EXERCISE GOAL: Retype each entry verbatim. Do not include the images.

+++ GIVEN DATA

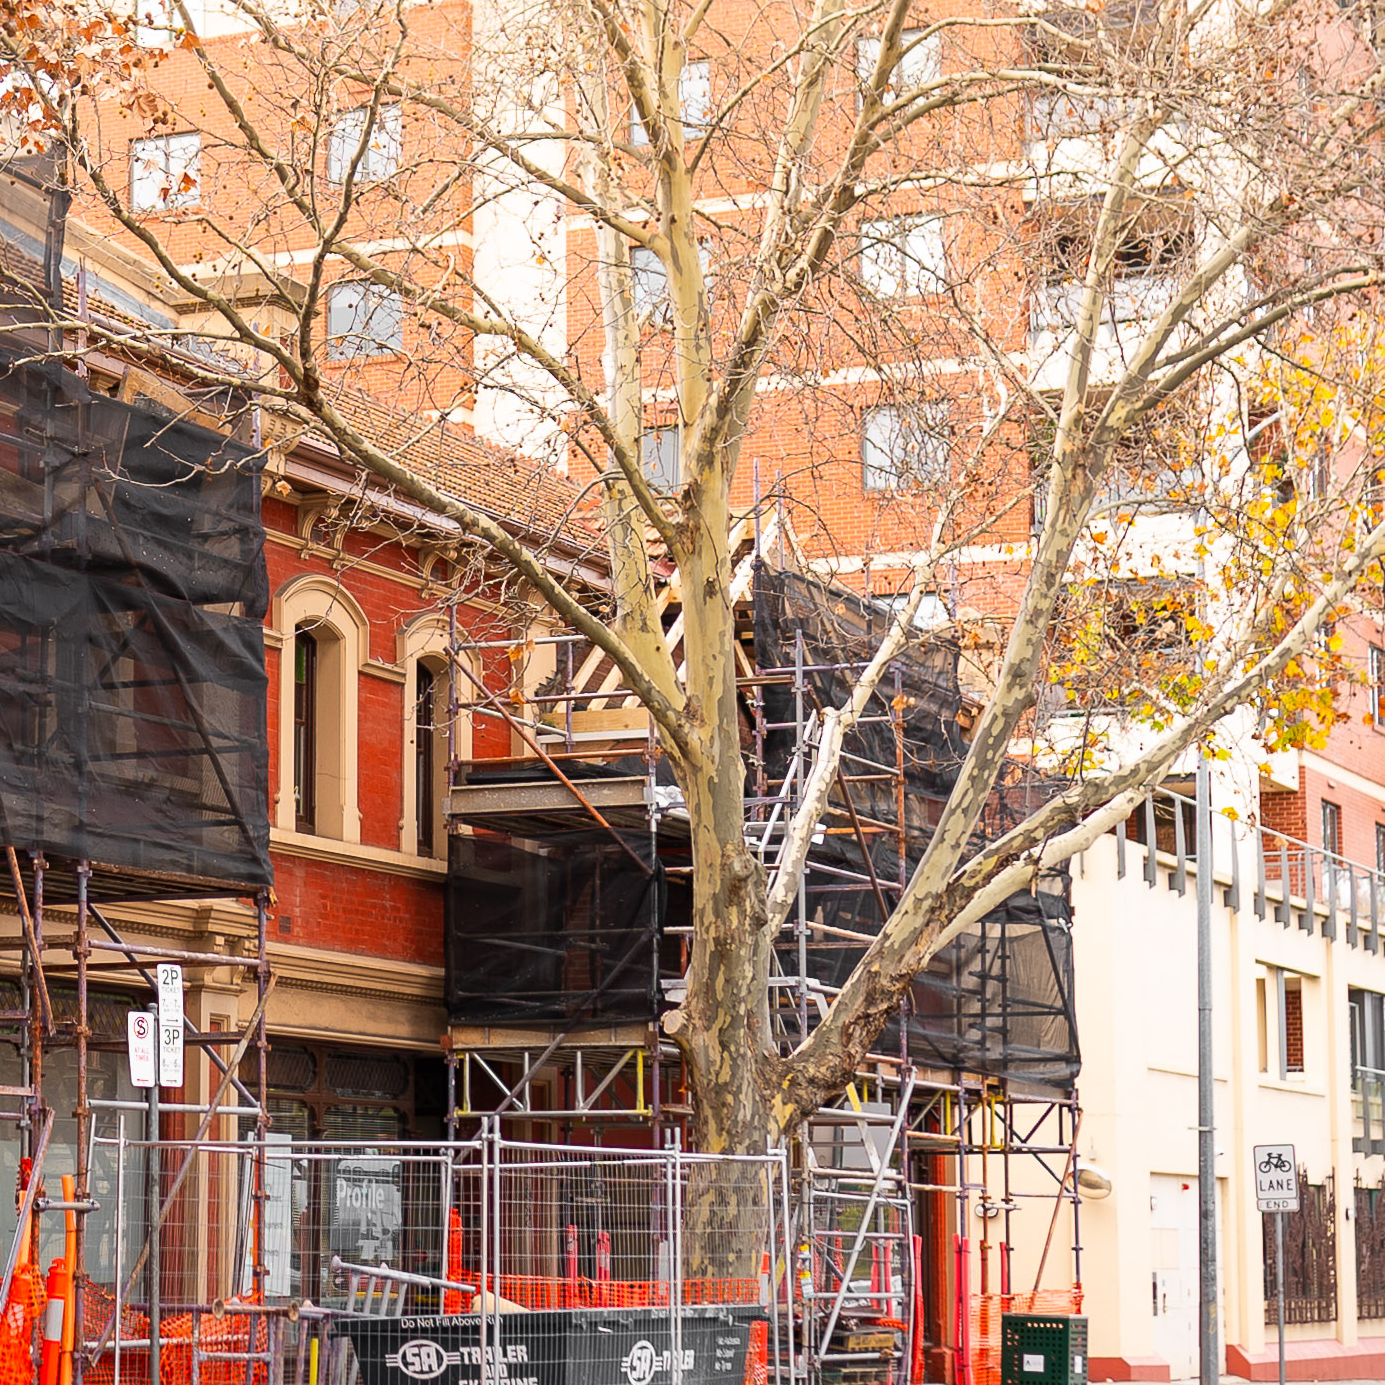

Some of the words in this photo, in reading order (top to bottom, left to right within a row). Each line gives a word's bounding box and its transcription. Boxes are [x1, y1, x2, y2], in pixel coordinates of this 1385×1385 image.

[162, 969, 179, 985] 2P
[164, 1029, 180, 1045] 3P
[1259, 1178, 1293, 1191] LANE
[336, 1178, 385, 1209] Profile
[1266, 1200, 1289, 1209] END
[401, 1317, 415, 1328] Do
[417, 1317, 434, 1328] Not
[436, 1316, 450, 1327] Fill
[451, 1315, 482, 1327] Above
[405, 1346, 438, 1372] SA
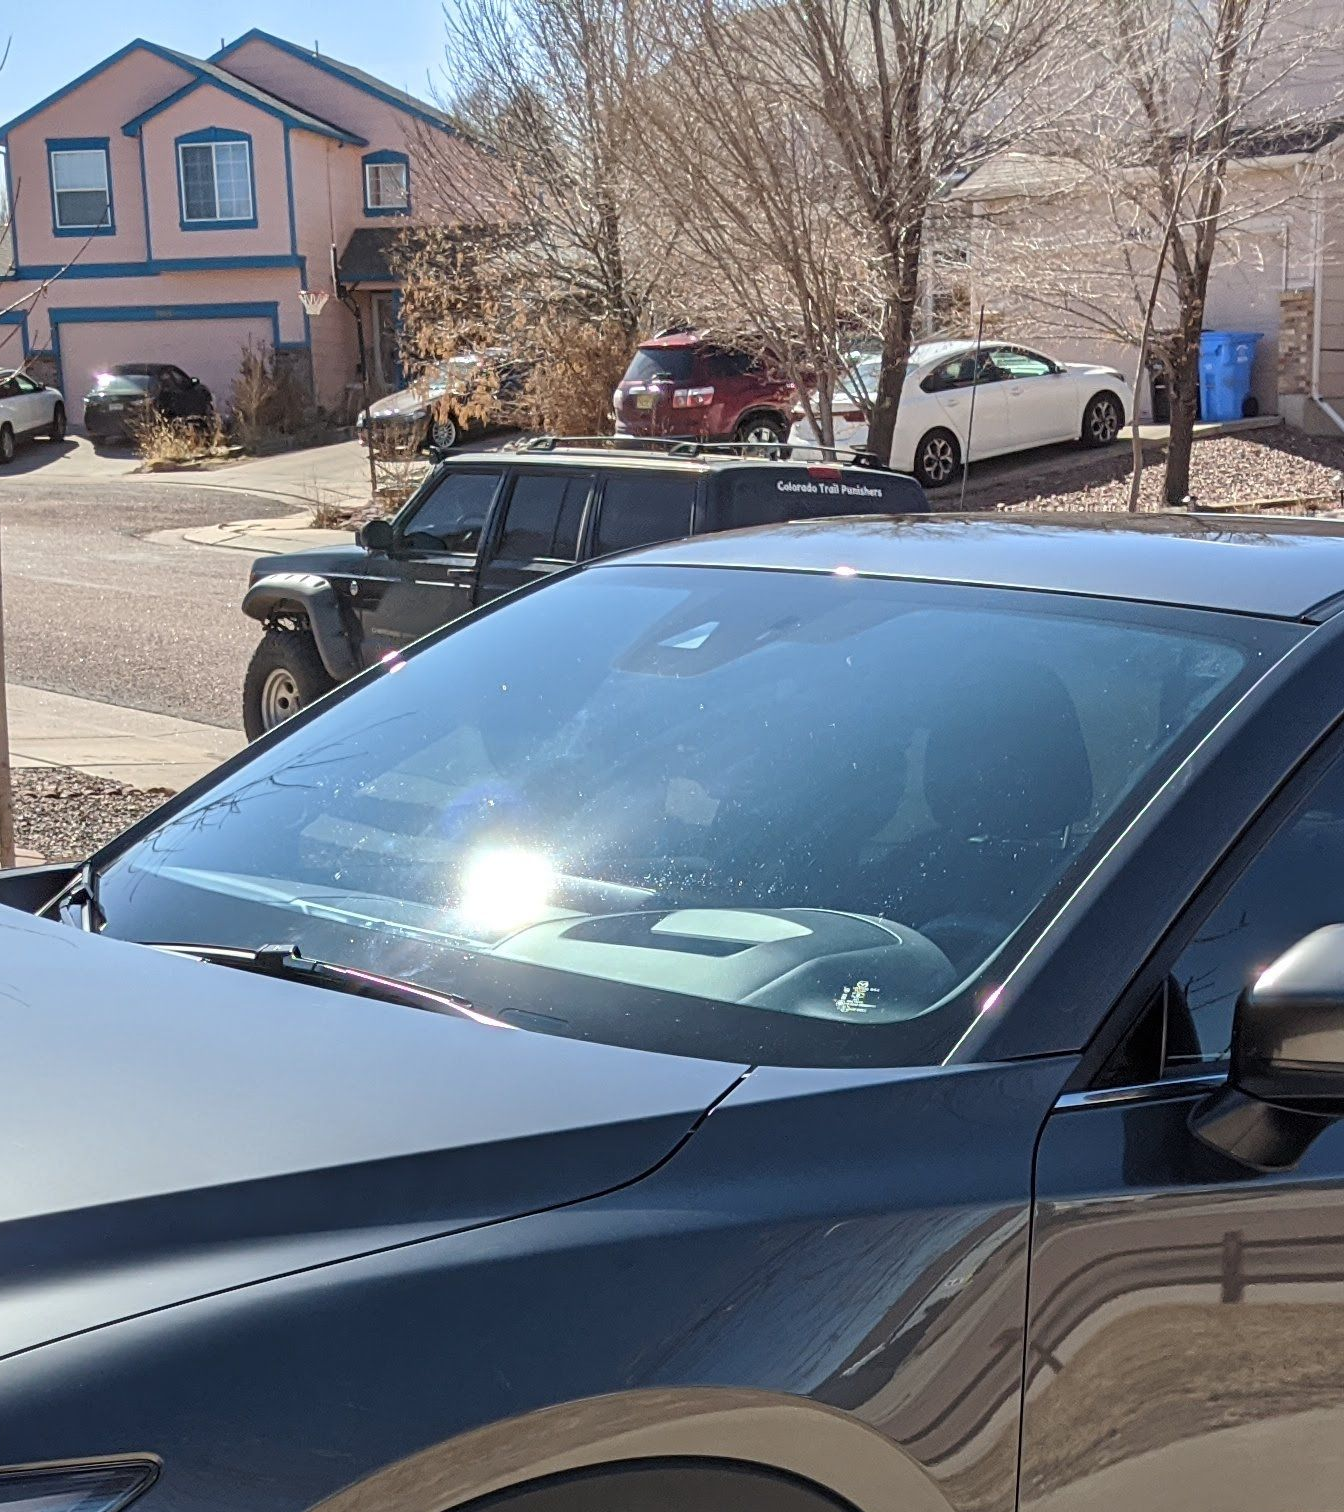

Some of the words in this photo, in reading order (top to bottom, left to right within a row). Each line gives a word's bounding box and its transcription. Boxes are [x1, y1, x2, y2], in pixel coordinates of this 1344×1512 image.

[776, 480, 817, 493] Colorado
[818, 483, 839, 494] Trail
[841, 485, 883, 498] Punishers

++++++

EXERCISE RESPONSE:
Some of the words in this photo, in reading order (top to bottom, left to right within a row). Each line gives a word's bounding box and its transcription. Boxes are [x1, y1, x2, y2], in pixel coordinates of this 1385×1385 image.

[162, 969, 179, 985] 2P
[164, 1029, 180, 1045] 3P
[1259, 1178, 1293, 1191] LANE
[336, 1178, 385, 1209] Profile
[1266, 1200, 1289, 1209] END
[401, 1317, 415, 1328] Do
[417, 1317, 434, 1328] Not
[436, 1316, 450, 1327] Fill
[451, 1315, 482, 1327] Above
[405, 1346, 438, 1372] SA

Some of the words in this photo, in reading order (top to bottom, left to right within a row). Each line gives a word's bounding box and its transcription. Boxes are [x1, y1, x2, y2], in pixel coordinates of this 1344×1512 image.

[776, 480, 817, 493] Colorado
[818, 483, 839, 494] Trail
[841, 485, 883, 498] Punishers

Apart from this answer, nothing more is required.